--- Source material Enclosed Below ---

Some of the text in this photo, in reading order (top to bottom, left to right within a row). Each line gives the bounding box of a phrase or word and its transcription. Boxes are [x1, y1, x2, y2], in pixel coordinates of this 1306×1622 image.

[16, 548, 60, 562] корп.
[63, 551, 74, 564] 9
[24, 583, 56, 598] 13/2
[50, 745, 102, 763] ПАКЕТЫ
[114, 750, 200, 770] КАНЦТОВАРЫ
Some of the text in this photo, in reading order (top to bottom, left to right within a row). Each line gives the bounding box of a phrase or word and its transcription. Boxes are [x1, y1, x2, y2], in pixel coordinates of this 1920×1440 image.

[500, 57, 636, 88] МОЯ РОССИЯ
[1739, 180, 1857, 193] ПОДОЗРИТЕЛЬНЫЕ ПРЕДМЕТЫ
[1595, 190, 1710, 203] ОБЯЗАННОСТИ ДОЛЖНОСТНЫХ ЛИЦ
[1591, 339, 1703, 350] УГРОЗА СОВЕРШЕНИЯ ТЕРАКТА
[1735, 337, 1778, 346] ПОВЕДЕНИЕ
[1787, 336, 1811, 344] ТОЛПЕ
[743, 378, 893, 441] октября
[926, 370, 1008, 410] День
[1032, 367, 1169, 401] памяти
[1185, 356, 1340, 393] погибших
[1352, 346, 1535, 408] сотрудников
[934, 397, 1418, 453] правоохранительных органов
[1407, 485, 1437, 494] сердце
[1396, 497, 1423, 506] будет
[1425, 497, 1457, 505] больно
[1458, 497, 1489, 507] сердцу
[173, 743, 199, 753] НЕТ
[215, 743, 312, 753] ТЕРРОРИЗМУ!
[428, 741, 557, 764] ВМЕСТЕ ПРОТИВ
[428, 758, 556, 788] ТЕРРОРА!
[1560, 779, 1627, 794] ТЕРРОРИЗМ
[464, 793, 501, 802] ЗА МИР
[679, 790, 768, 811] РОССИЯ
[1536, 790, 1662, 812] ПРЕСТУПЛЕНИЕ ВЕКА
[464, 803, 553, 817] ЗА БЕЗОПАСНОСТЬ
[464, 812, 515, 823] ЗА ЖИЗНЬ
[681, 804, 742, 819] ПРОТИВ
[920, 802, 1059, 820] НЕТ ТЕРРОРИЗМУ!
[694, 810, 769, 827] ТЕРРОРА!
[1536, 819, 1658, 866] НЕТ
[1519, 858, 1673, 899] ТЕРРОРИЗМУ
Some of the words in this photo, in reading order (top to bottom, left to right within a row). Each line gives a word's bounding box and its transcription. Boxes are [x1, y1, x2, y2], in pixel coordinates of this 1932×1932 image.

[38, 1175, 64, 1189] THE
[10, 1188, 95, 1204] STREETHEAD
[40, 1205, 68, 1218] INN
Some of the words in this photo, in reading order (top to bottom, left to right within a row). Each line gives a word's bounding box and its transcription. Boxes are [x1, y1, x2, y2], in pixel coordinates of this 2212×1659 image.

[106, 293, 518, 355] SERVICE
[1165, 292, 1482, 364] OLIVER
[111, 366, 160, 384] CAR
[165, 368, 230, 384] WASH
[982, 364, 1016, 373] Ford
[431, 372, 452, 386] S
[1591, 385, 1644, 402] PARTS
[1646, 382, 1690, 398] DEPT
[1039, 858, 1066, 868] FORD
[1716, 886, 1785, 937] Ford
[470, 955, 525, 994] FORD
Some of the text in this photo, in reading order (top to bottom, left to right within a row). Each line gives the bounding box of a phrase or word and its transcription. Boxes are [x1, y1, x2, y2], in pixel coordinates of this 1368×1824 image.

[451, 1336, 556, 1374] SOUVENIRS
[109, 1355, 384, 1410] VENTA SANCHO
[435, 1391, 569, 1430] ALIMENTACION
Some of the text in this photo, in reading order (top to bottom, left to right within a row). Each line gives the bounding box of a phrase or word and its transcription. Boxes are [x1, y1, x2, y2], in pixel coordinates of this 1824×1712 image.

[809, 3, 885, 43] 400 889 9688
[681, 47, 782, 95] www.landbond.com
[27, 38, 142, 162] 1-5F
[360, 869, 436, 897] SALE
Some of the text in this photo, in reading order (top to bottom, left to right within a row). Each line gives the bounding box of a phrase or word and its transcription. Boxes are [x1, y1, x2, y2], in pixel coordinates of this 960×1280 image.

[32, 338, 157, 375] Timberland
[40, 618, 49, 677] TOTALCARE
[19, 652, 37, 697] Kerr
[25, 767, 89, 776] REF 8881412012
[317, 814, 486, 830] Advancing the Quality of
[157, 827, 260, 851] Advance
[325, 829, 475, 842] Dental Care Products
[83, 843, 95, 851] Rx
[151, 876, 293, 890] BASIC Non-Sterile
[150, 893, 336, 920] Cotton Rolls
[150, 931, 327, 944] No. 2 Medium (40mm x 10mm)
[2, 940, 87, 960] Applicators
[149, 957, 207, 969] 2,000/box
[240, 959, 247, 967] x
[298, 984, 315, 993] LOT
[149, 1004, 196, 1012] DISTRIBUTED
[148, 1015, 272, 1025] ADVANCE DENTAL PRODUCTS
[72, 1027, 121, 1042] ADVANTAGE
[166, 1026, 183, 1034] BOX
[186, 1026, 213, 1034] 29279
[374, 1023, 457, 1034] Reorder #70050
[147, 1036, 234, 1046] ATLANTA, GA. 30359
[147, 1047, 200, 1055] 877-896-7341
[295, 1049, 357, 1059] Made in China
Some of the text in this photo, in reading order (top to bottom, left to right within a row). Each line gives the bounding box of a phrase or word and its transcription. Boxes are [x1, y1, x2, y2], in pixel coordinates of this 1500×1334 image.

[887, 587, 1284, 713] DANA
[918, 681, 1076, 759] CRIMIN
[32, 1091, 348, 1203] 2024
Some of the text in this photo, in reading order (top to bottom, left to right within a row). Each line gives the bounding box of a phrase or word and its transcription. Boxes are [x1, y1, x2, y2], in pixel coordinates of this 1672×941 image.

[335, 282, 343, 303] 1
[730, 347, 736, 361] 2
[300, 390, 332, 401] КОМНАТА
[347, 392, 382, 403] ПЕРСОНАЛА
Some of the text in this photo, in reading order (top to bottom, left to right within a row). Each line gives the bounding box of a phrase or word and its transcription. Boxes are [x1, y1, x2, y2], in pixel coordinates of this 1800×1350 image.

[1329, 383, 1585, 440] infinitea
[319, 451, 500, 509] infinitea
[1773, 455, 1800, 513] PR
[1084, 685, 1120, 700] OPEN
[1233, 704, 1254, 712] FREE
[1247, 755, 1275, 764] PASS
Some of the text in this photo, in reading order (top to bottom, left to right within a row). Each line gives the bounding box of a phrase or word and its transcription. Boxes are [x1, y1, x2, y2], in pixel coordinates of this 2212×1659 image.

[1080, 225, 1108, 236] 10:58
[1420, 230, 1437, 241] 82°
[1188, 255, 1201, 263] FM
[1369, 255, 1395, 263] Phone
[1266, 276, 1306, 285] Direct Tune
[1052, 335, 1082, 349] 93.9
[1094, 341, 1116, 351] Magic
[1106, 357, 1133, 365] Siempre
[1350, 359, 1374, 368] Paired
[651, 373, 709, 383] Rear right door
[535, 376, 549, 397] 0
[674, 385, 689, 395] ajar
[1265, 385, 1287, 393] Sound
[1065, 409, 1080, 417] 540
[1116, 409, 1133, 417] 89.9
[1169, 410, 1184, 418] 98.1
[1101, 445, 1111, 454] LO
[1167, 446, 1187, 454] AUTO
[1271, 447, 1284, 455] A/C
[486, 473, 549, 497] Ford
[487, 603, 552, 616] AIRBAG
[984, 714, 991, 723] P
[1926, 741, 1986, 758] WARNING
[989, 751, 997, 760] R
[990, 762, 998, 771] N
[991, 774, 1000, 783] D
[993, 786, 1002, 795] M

--- End of Enclosed Source material ---

• Exercise: All of the material above should be restated verbatim.

• Solved exercise:
Some of the text in this photo, in reading order (top to bottom, left to right within a row). Each line gives the bounding box of a phrase or word and its transcription. Boxes are [x1, y1, x2, y2], in pixel coordinates of this 1306×1622 image.

[16, 548, 60, 562] корп.
[63, 551, 74, 564] 9
[24, 583, 56, 598] 13/2
[50, 745, 102, 763] ПАКЕТЫ
[114, 750, 200, 770] КАНЦТОВАРЫ
Some of the text in this photo, in reading order (top to bottom, left to right within a row). Each line gives the bounding box of a phrase or word and its transcription. Boxes are [x1, y1, x2, y2], in pixel coordinates of this 1920×1440 image.

[500, 57, 636, 88] МОЯ РОССИЯ
[1739, 180, 1857, 193] ПОДОЗРИТЕЛЬНЫЕ ПРЕДМЕТЫ
[1595, 190, 1710, 203] ОБЯЗАННОСТИ ДОЛЖНОСТНЫХ ЛИЦ
[1591, 339, 1703, 350] УГРОЗА СОВЕРШЕНИЯ ТЕРАКТА
[1735, 337, 1778, 346] ПОВЕДЕНИЕ
[1787, 336, 1811, 344] ТОЛПЕ
[743, 378, 893, 441] октября
[926, 370, 1008, 410] День
[1032, 367, 1169, 401] памяти
[1185, 356, 1340, 393] погибших
[1352, 346, 1535, 408] сотрудников
[934, 397, 1418, 453] правоохранительных органов
[1407, 485, 1437, 494] сердце
[1396, 497, 1423, 506] будет
[1425, 497, 1457, 505] больно
[1458, 497, 1489, 507] сердцу
[173, 743, 199, 753] НЕТ
[215, 743, 312, 753] ТЕРРОРИЗМУ!
[428, 741, 557, 764] ВМЕСТЕ ПРОТИВ
[428, 758, 556, 788] ТЕРРОРА!
[1560, 779, 1627, 794] ТЕРРОРИЗМ
[464, 793, 501, 802] ЗА МИР
[679, 790, 768, 811] РОССИЯ
[1536, 790, 1662, 812] ПРЕСТУПЛЕНИЕ ВЕКА
[464, 803, 553, 817] ЗА БЕЗОПАСНОСТЬ
[464, 812, 515, 823] ЗА ЖИЗНЬ
[681, 804, 742, 819] ПРОТИВ
[920, 802, 1059, 820] НЕТ ТЕРРОРИЗМУ!
[694, 810, 769, 827] ТЕРРОРА!
[1536, 819, 1658, 866] НЕТ
[1519, 858, 1673, 899] ТЕРРОРИЗМУ
Some of the words in this photo, in reading order (top to bottom, left to right within a row). Each line gives a word's bounding box and its transcription. Boxes are [x1, y1, x2, y2], in pixel coordinates of this 1932×1932 image.

[38, 1175, 64, 1189] THE
[10, 1188, 95, 1204] STREETHEAD
[40, 1205, 68, 1218] INN
Some of the words in this photo, in reading order (top to bottom, left to right within a row). Each line gives a word's bounding box and its transcription. Boxes are [x1, y1, x2, y2], in pixel coordinates of this 2212×1659 image.

[106, 293, 518, 355] SERVICE
[1165, 292, 1482, 364] OLIVER
[111, 366, 160, 384] CAR
[165, 368, 230, 384] WASH
[982, 364, 1016, 373] Ford
[431, 372, 452, 386] S
[1591, 385, 1644, 402] PARTS
[1646, 382, 1690, 398] DEPT
[1039, 858, 1066, 868] FORD
[1716, 886, 1785, 937] Ford
[470, 955, 525, 994] FORD
Some of the text in this photo, in reading order (top to bottom, left to right within a row). Each line gives the bounding box of a phrase or word and its transcription. Boxes are [x1, y1, x2, y2], in pixel coordinates of this 1368×1824 image.

[451, 1336, 556, 1374] SOUVENIRS
[109, 1355, 384, 1410] VENTA SANCHO
[435, 1391, 569, 1430] ALIMENTACION
Some of the text in this photo, in reading order (top to bottom, left to right within a row). Each line gives the bounding box of a phrase or word and its transcription. Boxes are [x1, y1, x2, y2], in pixel coordinates of this 1824×1712 image.

[809, 3, 885, 43] 400 889 9688
[681, 47, 782, 95] www.landbond.com
[27, 38, 142, 162] 1-5F
[360, 869, 436, 897] SALE
Some of the text in this photo, in reading order (top to bottom, left to right within a row). Each line gives the bounding box of a phrase or word and its transcription. Boxes are [x1, y1, x2, y2], in pixel coordinates of this 960×1280 image.

[32, 338, 157, 375] Timberland
[40, 618, 49, 677] TOTALCARE
[19, 652, 37, 697] Kerr
[25, 767, 89, 776] REF 8881412012
[317, 814, 486, 830] Advancing the Quality of
[157, 827, 260, 851] Advance
[325, 829, 475, 842] Dental Care Products
[83, 843, 95, 851] Rx
[151, 876, 293, 890] BASIC Non-Sterile
[150, 893, 336, 920] Cotton Rolls
[150, 931, 327, 944] No. 2 Medium (40mm x 10mm)
[2, 940, 87, 960] Applicators
[149, 957, 207, 969] 2,000/box
[240, 959, 247, 967] x
[298, 984, 315, 993] LOT
[149, 1004, 196, 1012] DISTRIBUTED
[148, 1015, 272, 1025] ADVANCE DENTAL PRODUCTS
[72, 1027, 121, 1042] ADVANTAGE
[166, 1026, 183, 1034] BOX
[186, 1026, 213, 1034] 29279
[374, 1023, 457, 1034] Reorder #70050
[147, 1036, 234, 1046] ATLANTA, GA. 30359
[147, 1047, 200, 1055] 877-896-7341
[295, 1049, 357, 1059] Made in China
Some of the text in this photo, in reading order (top to bottom, left to right within a row). Each line gives the bounding box of a phrase or word and its transcription. Boxes are [x1, y1, x2, y2], in pixel coordinates of this 1500×1334 image.

[887, 587, 1284, 713] DANA
[918, 681, 1076, 759] CRIMIN
[32, 1091, 348, 1203] 2024
Some of the text in this photo, in reading order (top to bottom, left to right within a row). Each line gives the bounding box of a phrase or word and its transcription. Boxes are [x1, y1, x2, y2], in pixel coordinates of this 1672×941 image.

[335, 282, 343, 303] 1
[730, 347, 736, 361] 2
[300, 390, 332, 401] КОМНАТА
[347, 392, 382, 403] ПЕРСОНАЛА
Some of the text in this photo, in reading order (top to bottom, left to right within a row). Each line gives the bounding box of a phrase or word and its transcription. Boxes are [x1, y1, x2, y2], in pixel coordinates of this 1800×1350 image.

[1329, 383, 1585, 440] infinitea
[319, 451, 500, 509] infinitea
[1773, 455, 1800, 513] PR
[1084, 685, 1120, 700] OPEN
[1233, 704, 1254, 712] FREE
[1247, 755, 1275, 764] PASS
Some of the text in this photo, in reading order (top to bottom, left to right within a row). Each line gives the bounding box of a phrase or word and its transcription. Boxes are [x1, y1, x2, y2], in pixel coordinates of this 2212×1659 image.

[1080, 225, 1108, 236] 10:58
[1420, 230, 1437, 241] 82°
[1188, 255, 1201, 263] FM
[1369, 255, 1395, 263] Phone
[1266, 276, 1306, 285] Direct Tune
[1052, 335, 1082, 349] 93.9
[1094, 341, 1116, 351] Magic
[1106, 357, 1133, 365] Siempre
[1350, 359, 1374, 368] Paired
[651, 373, 709, 383] Rear right door
[535, 376, 549, 397] 0
[674, 385, 689, 395] ajar
[1265, 385, 1287, 393] Sound
[1065, 409, 1080, 417] 540
[1116, 409, 1133, 417] 89.9
[1169, 410, 1184, 418] 98.1
[1101, 445, 1111, 454] LO
[1167, 446, 1187, 454] AUTO
[1271, 447, 1284, 455] A/C
[486, 473, 549, 497] Ford
[487, 603, 552, 616] AIRBAG
[984, 714, 991, 723] P
[1926, 741, 1986, 758] WARNING
[989, 751, 997, 760] R
[990, 762, 998, 771] N
[991, 774, 1000, 783] D
[993, 786, 1002, 795] M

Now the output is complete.